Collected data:
══════

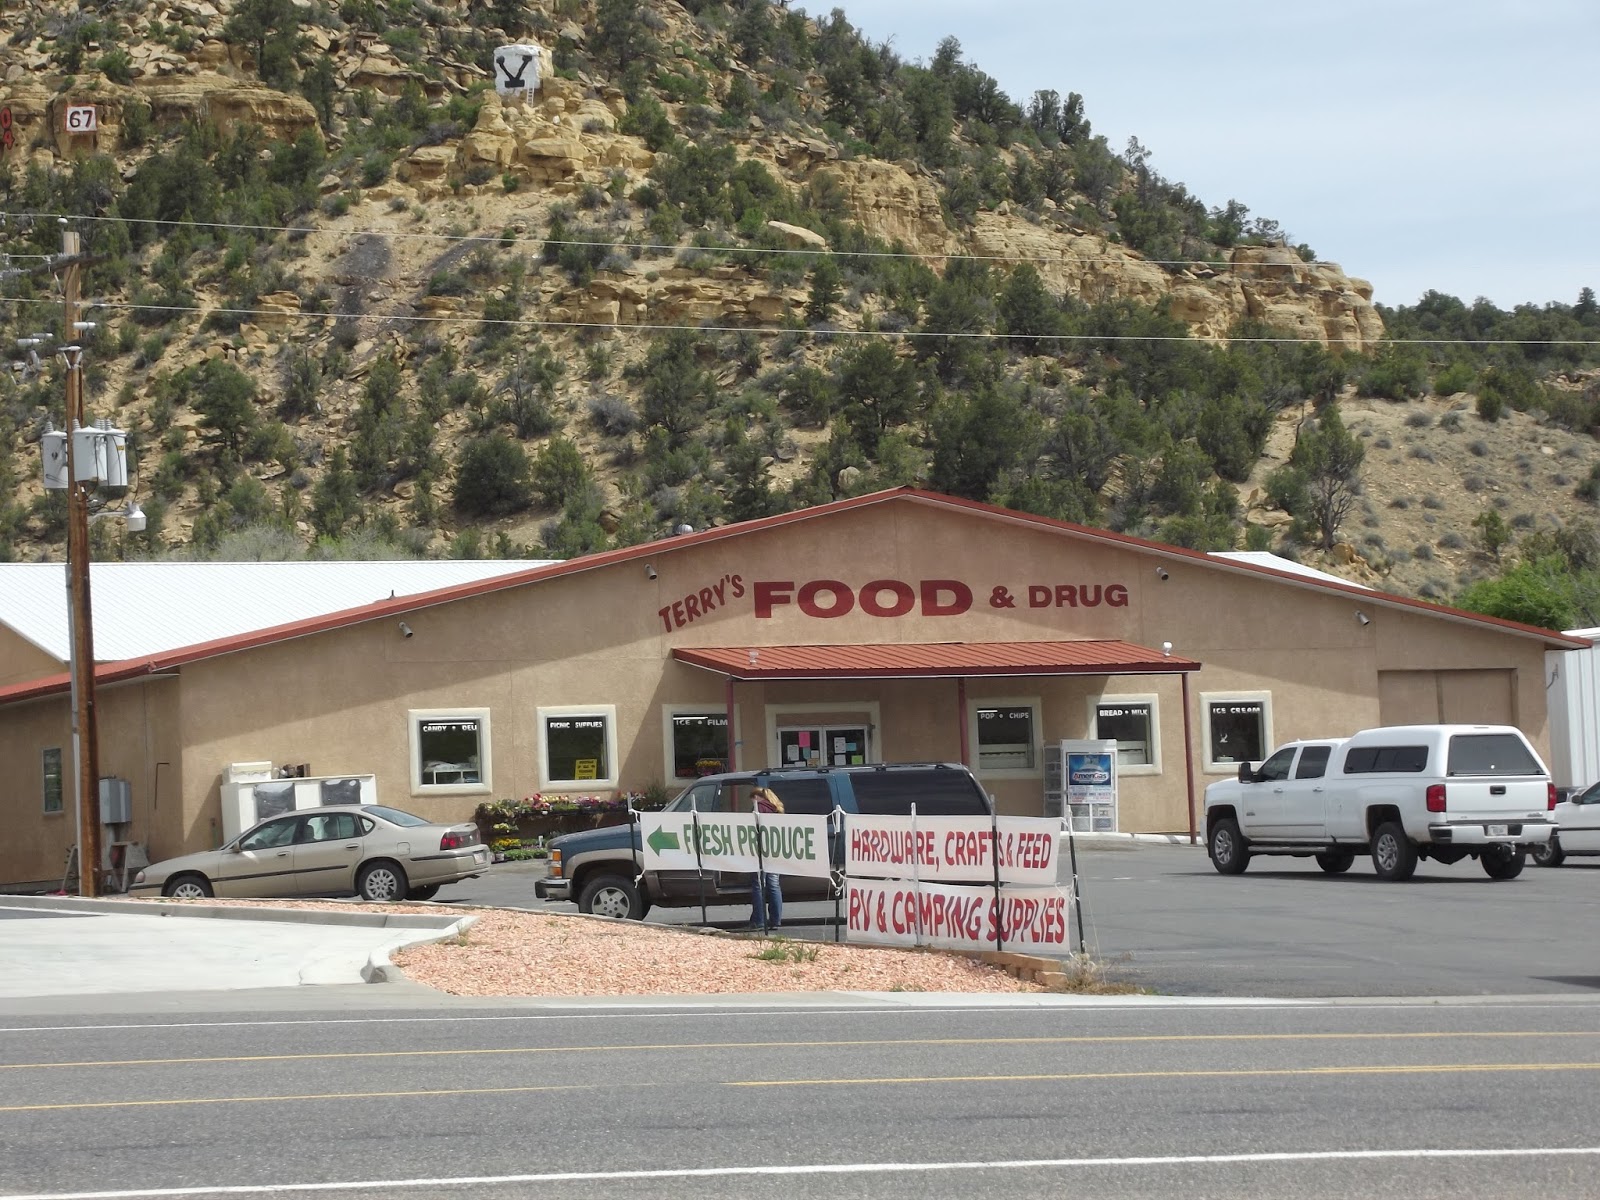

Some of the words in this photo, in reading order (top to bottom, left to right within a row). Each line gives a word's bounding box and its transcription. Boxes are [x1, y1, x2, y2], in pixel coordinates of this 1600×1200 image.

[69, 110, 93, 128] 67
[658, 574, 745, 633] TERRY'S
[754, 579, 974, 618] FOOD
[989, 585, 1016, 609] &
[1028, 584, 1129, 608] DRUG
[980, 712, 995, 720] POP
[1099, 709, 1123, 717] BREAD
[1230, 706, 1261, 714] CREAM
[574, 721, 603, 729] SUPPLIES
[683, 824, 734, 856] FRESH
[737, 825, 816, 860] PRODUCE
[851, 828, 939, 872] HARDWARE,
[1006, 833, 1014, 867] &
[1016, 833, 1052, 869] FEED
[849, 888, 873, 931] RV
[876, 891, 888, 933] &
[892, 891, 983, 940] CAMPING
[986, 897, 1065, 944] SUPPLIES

══════

Task
Return the entries unchanged, save for the pictures, which do not belong in the copy.

Task output
Some of the words in this photo, in reading order (top to bottom, left to right within a row). Each line gives a word's bounding box and its transcription. Boxes are [x1, y1, x2, y2], in pixel coordinates of this 1600×1200 image.

[69, 110, 93, 128] 67
[658, 574, 745, 633] TERRY'S
[754, 579, 974, 618] FOOD
[989, 585, 1016, 609] &
[1028, 584, 1129, 608] DRUG
[980, 712, 995, 720] POP
[1099, 709, 1123, 717] BREAD
[1230, 706, 1261, 714] CREAM
[574, 721, 603, 729] SUPPLIES
[683, 824, 734, 856] FRESH
[737, 825, 816, 860] PRODUCE
[851, 828, 939, 872] HARDWARE,
[1006, 833, 1014, 867] &
[1016, 833, 1052, 869] FEED
[849, 888, 873, 931] RV
[876, 891, 888, 933] &
[892, 891, 983, 940] CAMPING
[986, 897, 1065, 944] SUPPLIES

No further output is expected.